● **The problem**:
Restate word for word the span of lines that opens with the line containing "this 1920×1440 image." and closes with the last line of the material. Include both ends and nothing more.

● **Provided entries**:
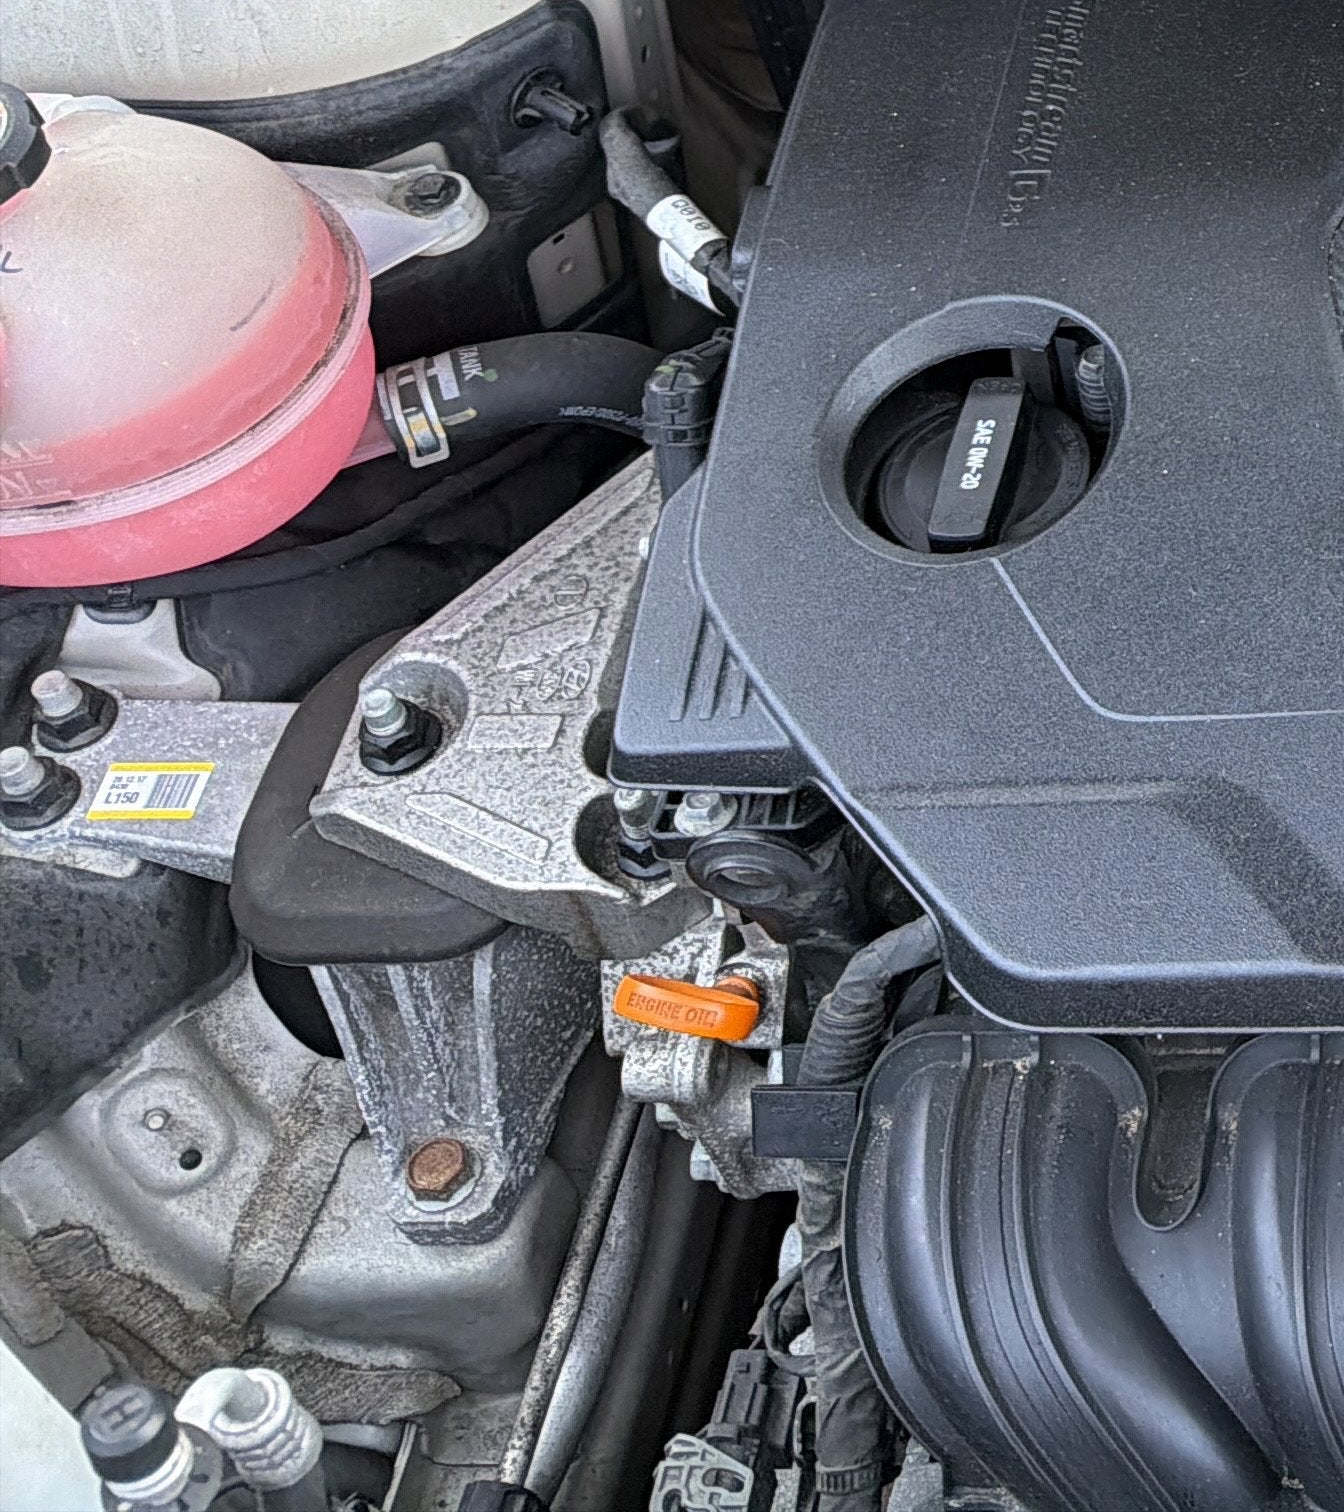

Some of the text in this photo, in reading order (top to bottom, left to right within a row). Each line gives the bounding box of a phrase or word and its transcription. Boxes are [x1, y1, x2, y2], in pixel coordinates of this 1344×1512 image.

[971, 419, 996, 445] SAE
[960, 447, 989, 490] 0W-20
[104, 792, 140, 804] L150
[626, 991, 683, 1020] ENGINE
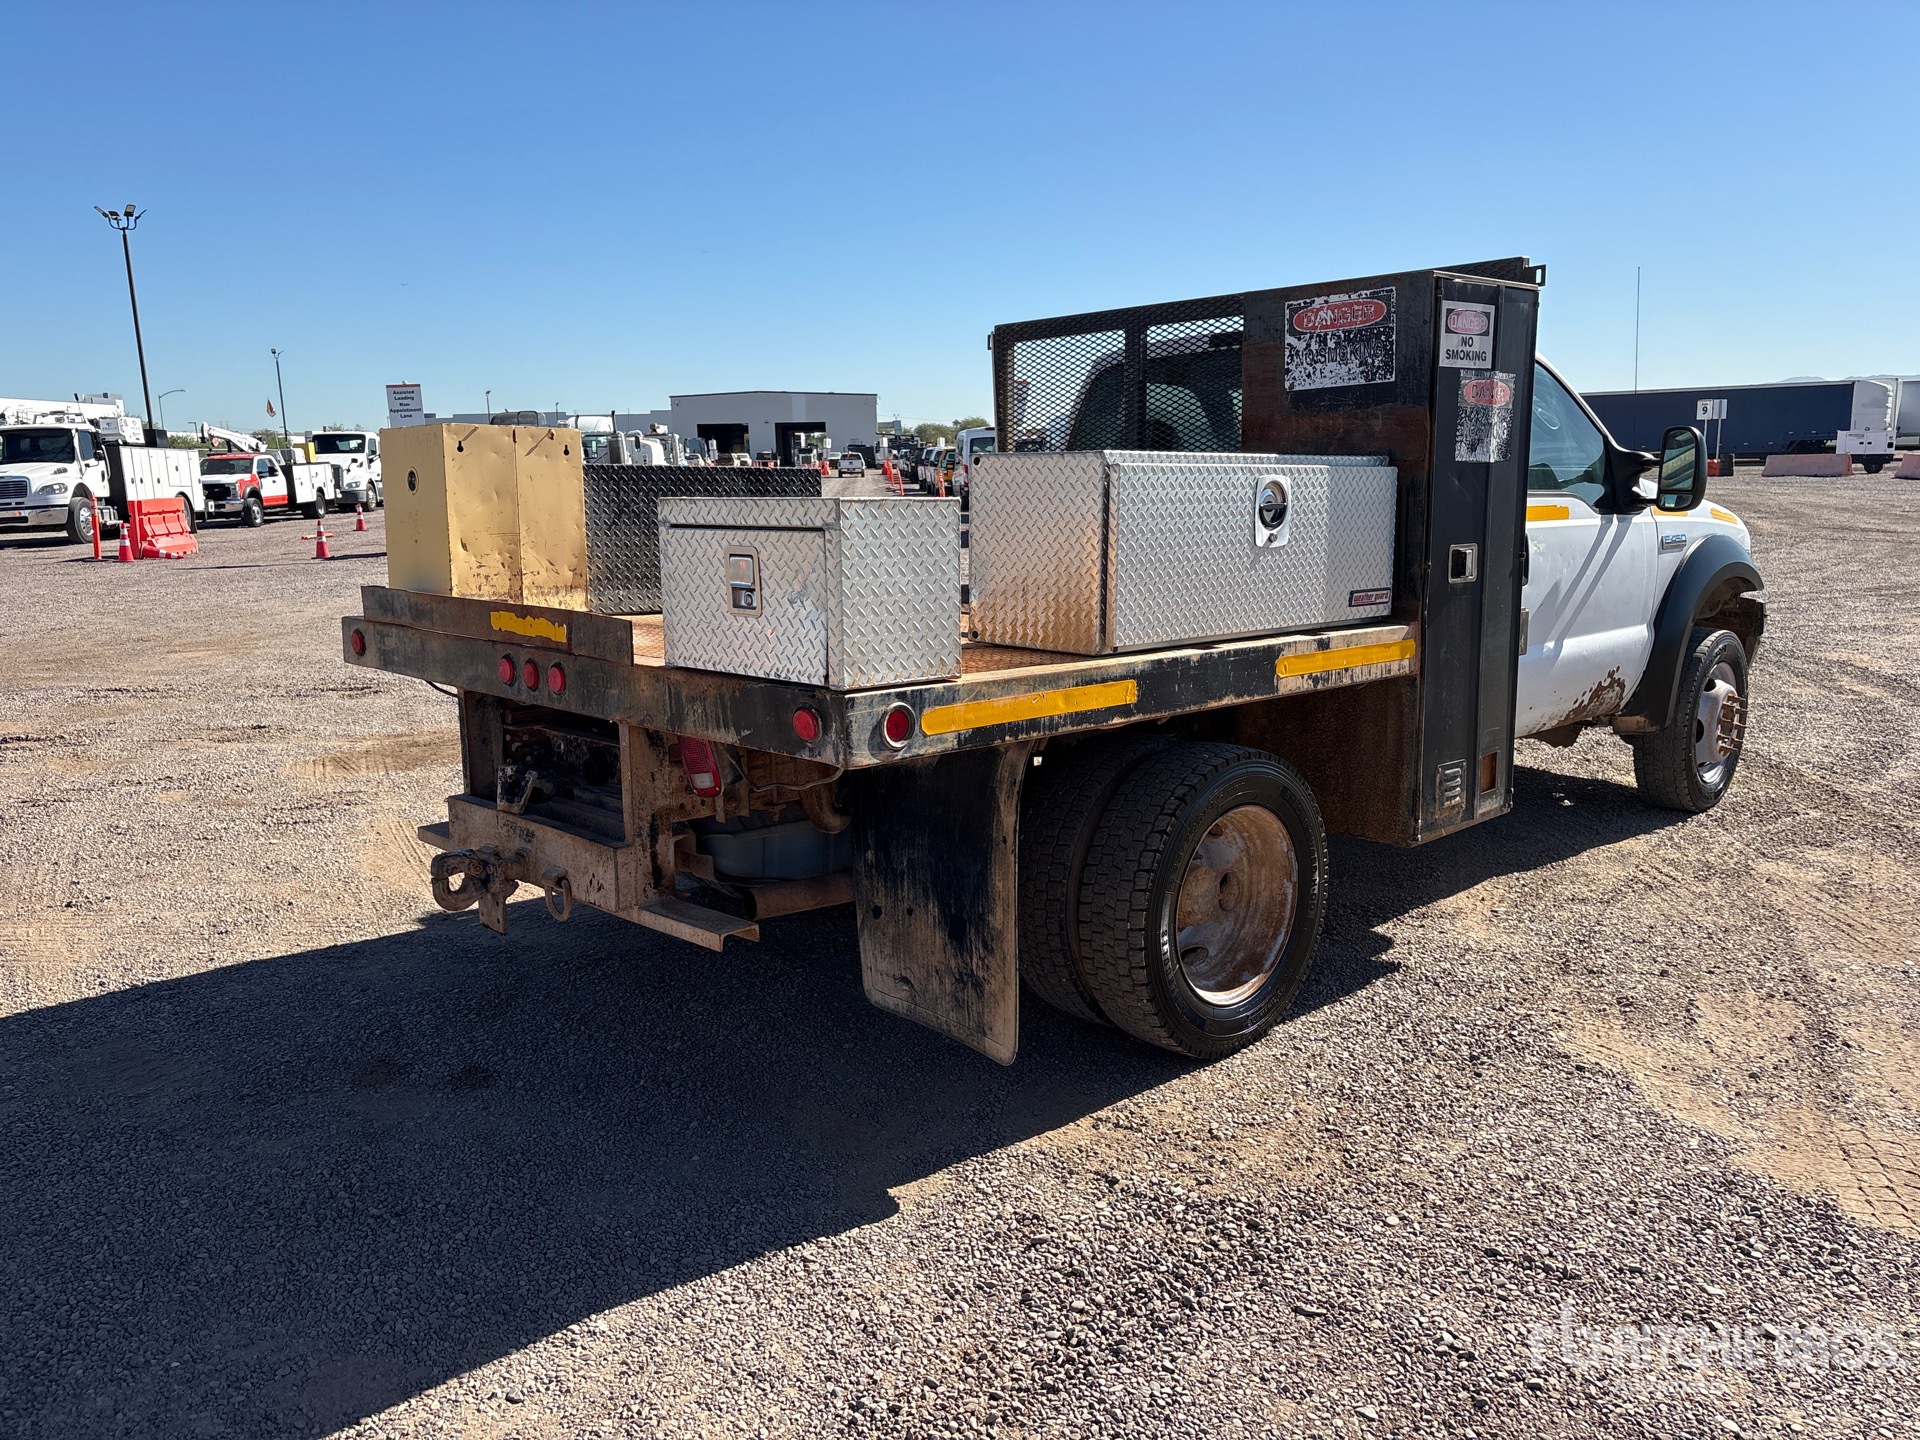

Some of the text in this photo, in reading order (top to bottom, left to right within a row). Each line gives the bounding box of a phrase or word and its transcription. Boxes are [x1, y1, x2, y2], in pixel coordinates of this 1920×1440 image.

[1303, 304, 1375, 328] DANGER
[1450, 314, 1487, 330] DANGER
[1460, 336, 1474, 348] NO
[1445, 348, 1487, 362] SMOKING
[1702, 406, 1708, 415] 9

● **Written answer**:
Some of the text in this photo, in reading order (top to bottom, left to right within a row). Each line gives the bounding box of a phrase or word and its transcription. Boxes are [x1, y1, x2, y2], in pixel coordinates of this 1920×1440 image.

[1303, 304, 1375, 328] DANGER
[1450, 314, 1487, 330] DANGER
[1460, 336, 1474, 348] NO
[1445, 348, 1487, 362] SMOKING
[1702, 406, 1708, 415] 9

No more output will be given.